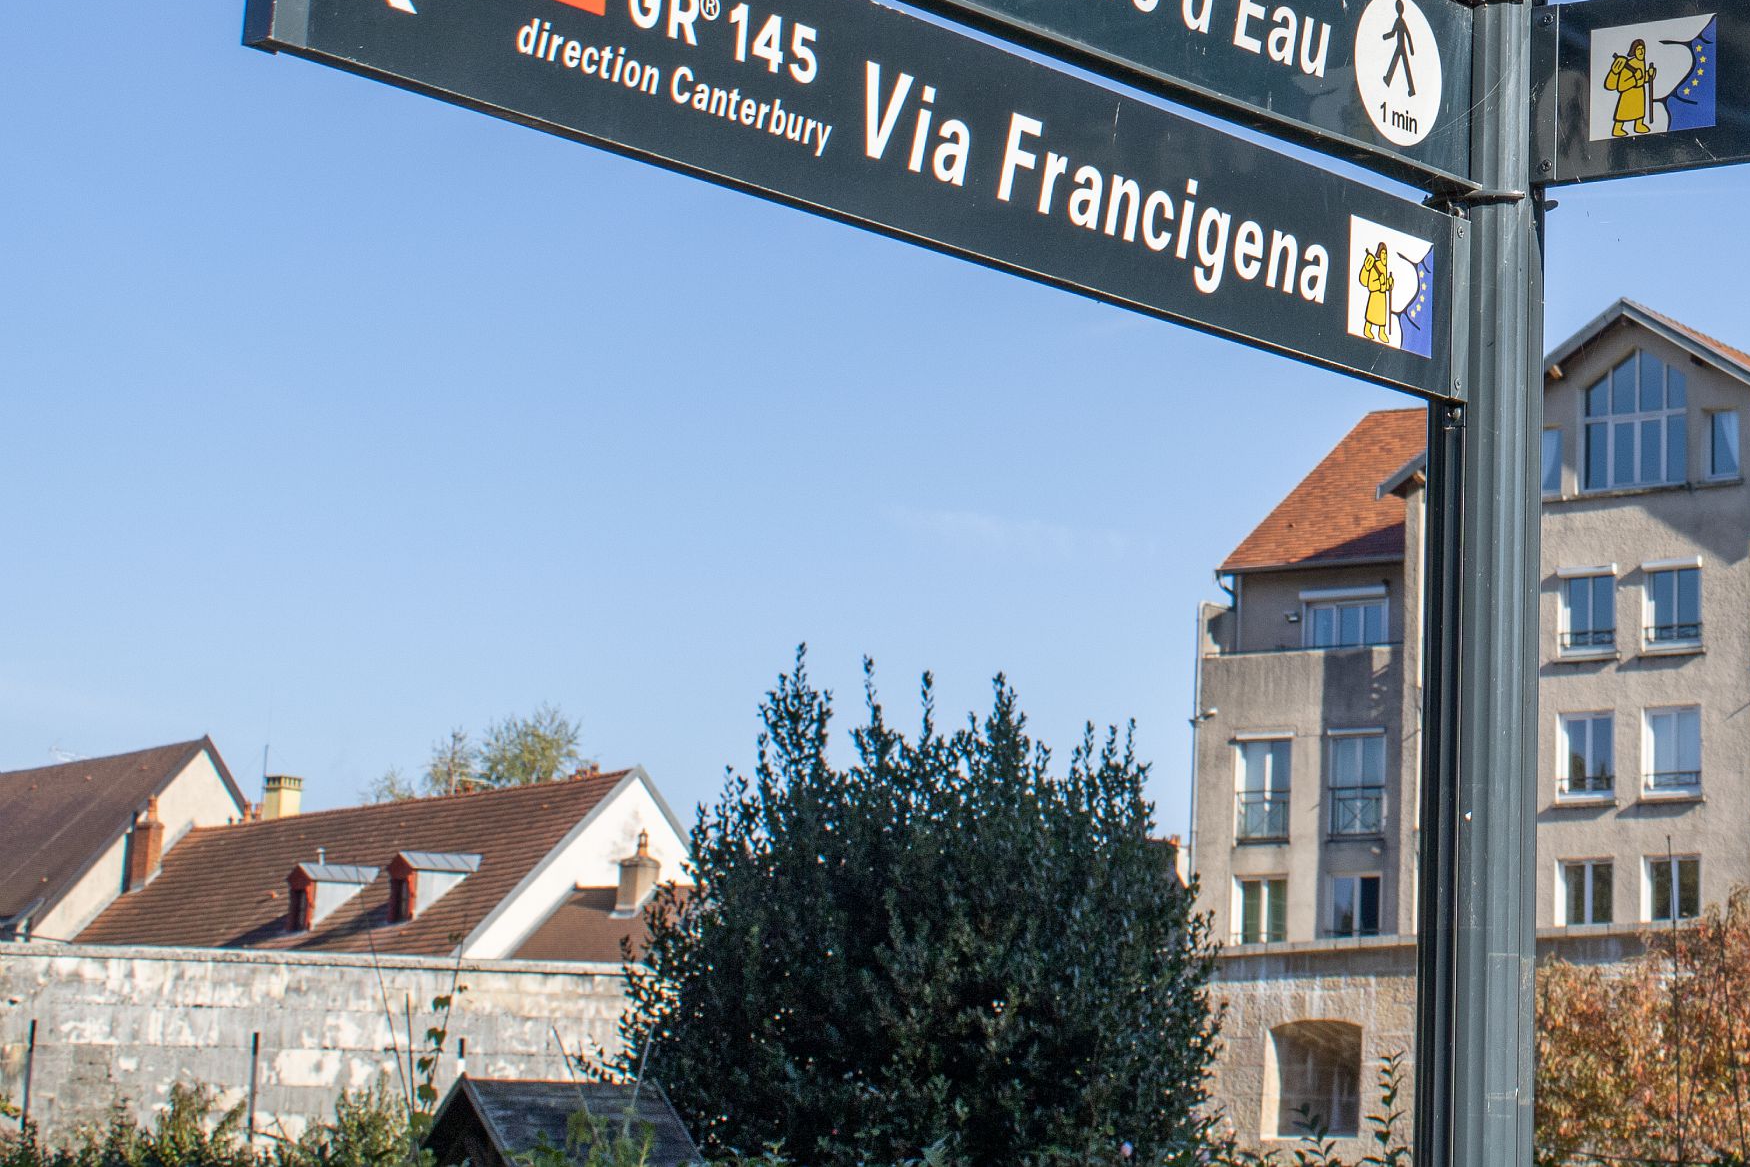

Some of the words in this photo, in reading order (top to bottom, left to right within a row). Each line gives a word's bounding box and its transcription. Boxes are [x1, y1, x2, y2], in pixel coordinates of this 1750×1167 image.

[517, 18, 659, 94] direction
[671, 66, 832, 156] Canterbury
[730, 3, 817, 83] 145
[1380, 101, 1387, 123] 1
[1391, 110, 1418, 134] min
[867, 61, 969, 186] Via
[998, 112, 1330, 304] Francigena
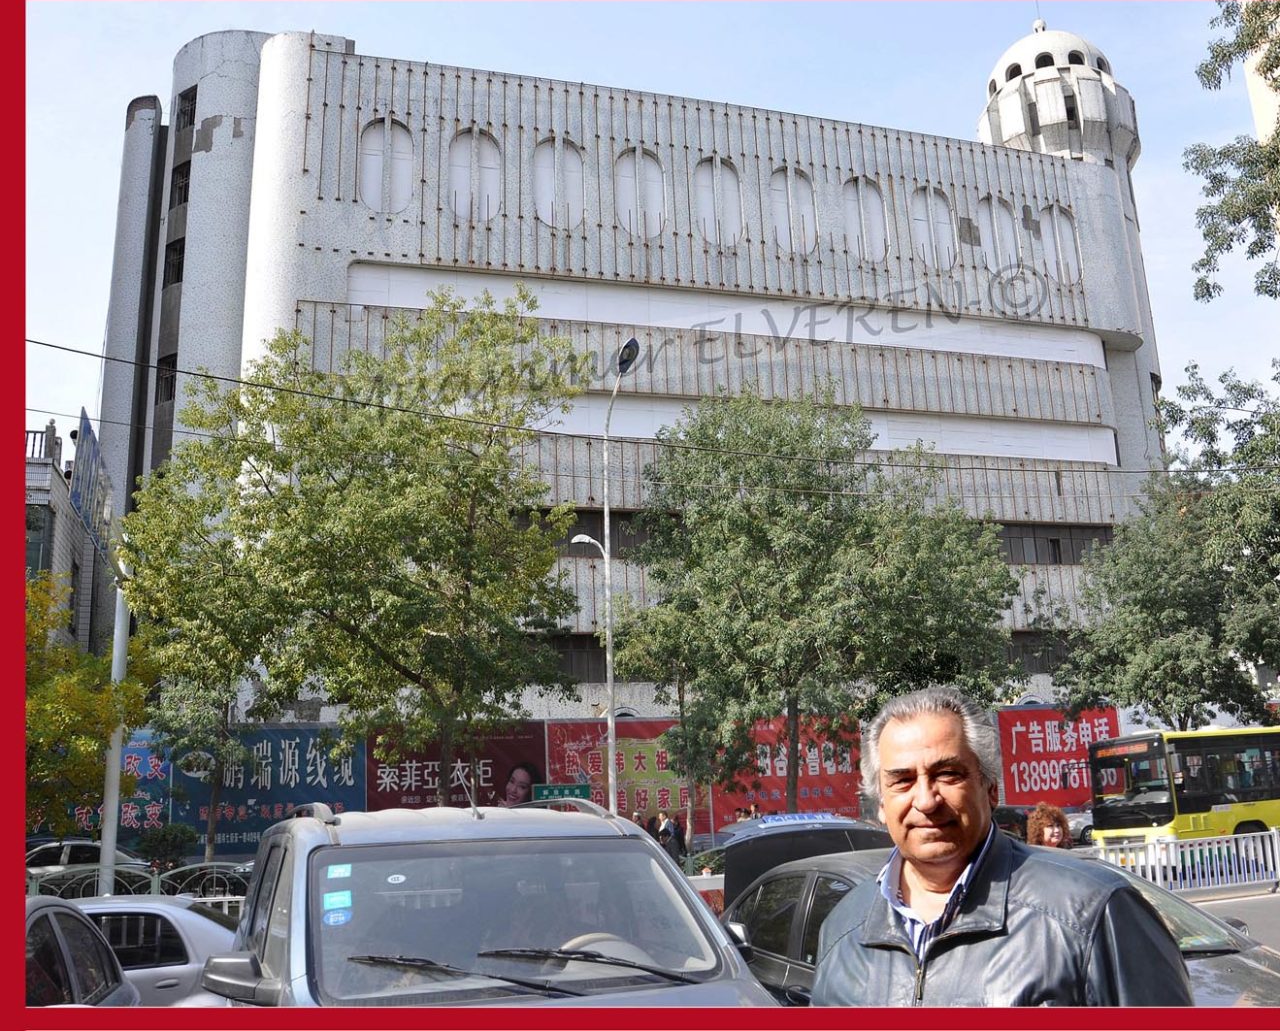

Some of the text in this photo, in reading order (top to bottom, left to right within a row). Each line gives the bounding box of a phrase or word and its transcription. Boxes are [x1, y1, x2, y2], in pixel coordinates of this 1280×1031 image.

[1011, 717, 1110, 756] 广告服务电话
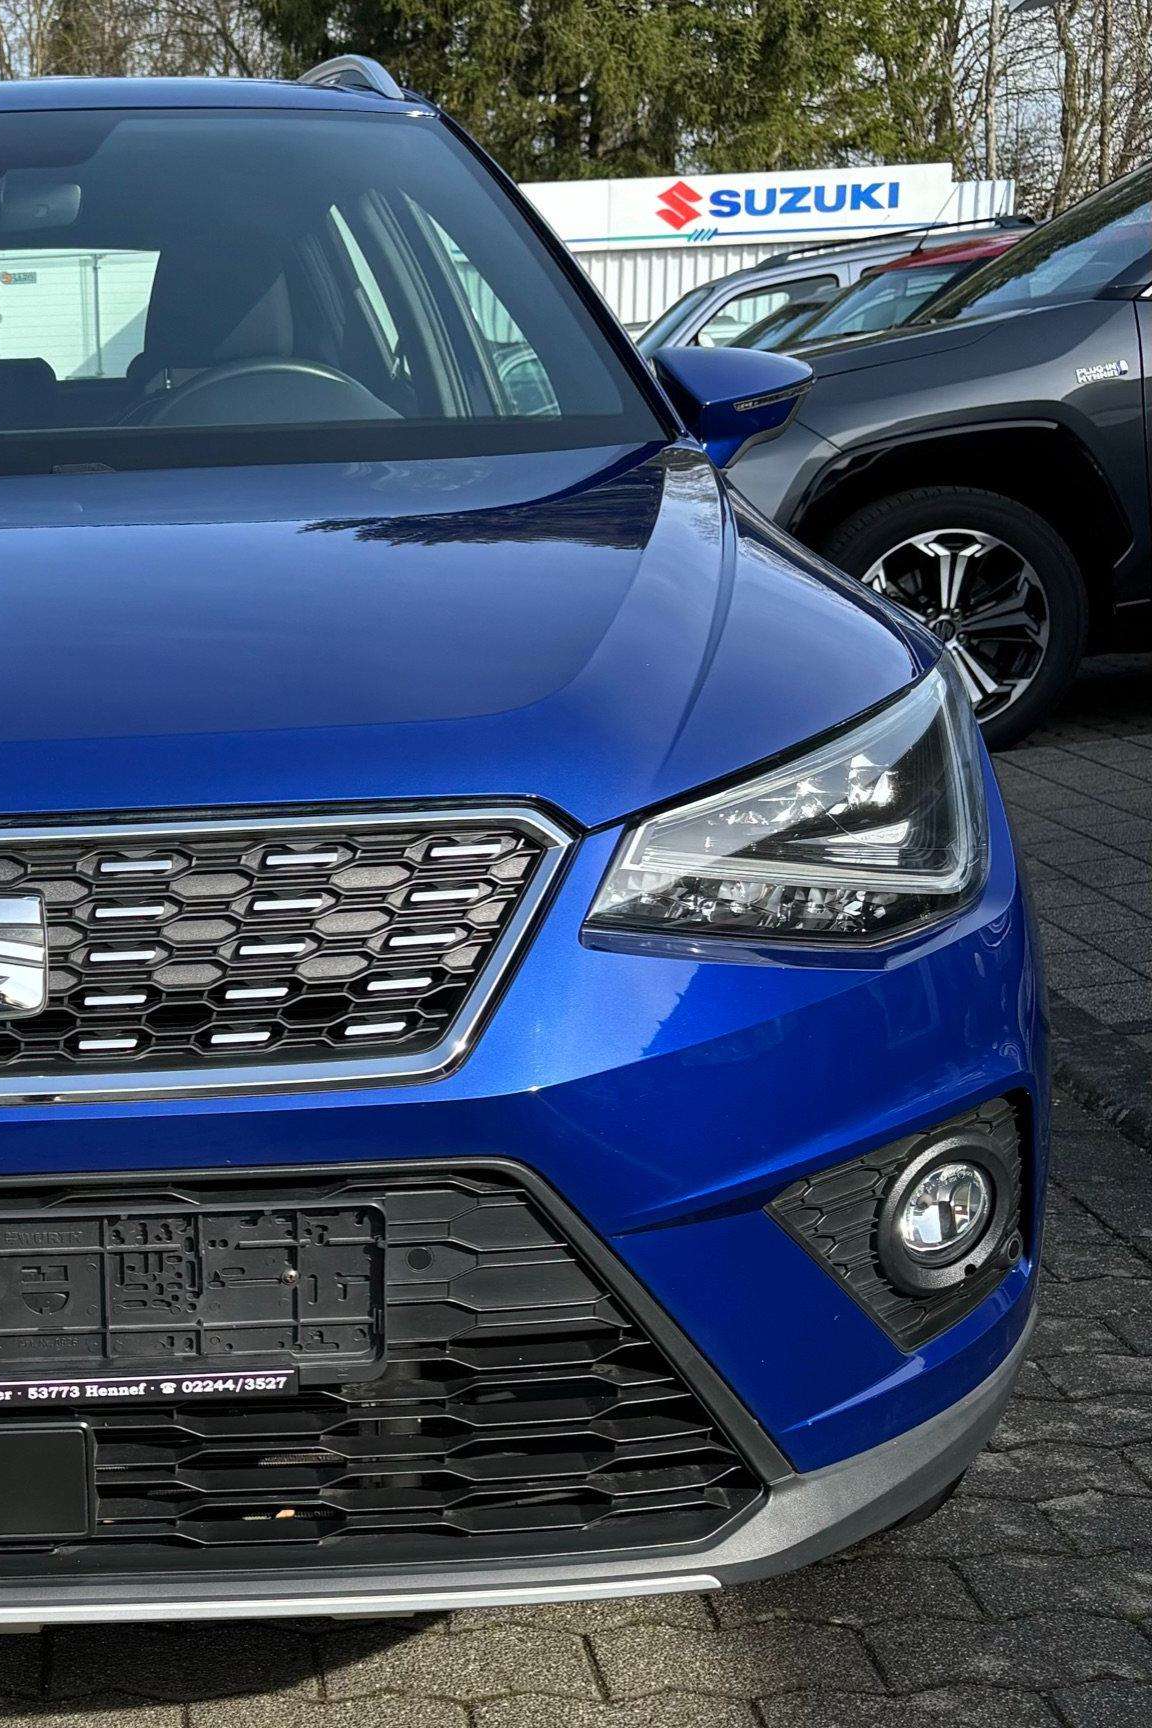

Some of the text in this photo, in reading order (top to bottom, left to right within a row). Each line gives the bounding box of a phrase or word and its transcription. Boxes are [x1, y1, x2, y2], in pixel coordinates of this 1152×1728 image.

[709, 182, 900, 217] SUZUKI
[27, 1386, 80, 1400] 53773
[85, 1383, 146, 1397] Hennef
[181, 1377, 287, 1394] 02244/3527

• [ASSIGNMENT]:
Please reprint the whole listing exactly and omit its pictures.

• [YOUR RESPONSE]:
Some of the words in this photo, in reading order (top to bottom, left to right within a row). Each line gives a word's bounding box and its transcription. Boxes are [x1, y1, x2, y2], in pixel coordinates of this 1750×1167 image.

[517, 18, 659, 94] direction
[671, 66, 832, 156] Canterbury
[730, 3, 817, 83] 145
[1380, 101, 1387, 123] 1
[1391, 110, 1418, 134] min
[867, 61, 969, 186] Via
[998, 112, 1330, 304] Francigena

Some of the text in this photo, in reading order (top to bottom, left to right within a row). Each line gives the bounding box of a phrase or word and its transcription. Boxes are [x1, y1, x2, y2], in pixel coordinates of this 1280×1031 image.

[1011, 717, 1110, 756] 广告服务电话

Some of the text in this photo, in reading order (top to bottom, left to right within a row). Each line gives the bounding box of a phrase or word and its transcription. Boxes are [x1, y1, x2, y2], in pixel coordinates of this 1152×1728 image.

[709, 182, 900, 217] SUZUKI
[27, 1386, 80, 1400] 53773
[85, 1383, 146, 1397] Hennef
[181, 1377, 287, 1394] 02244/3527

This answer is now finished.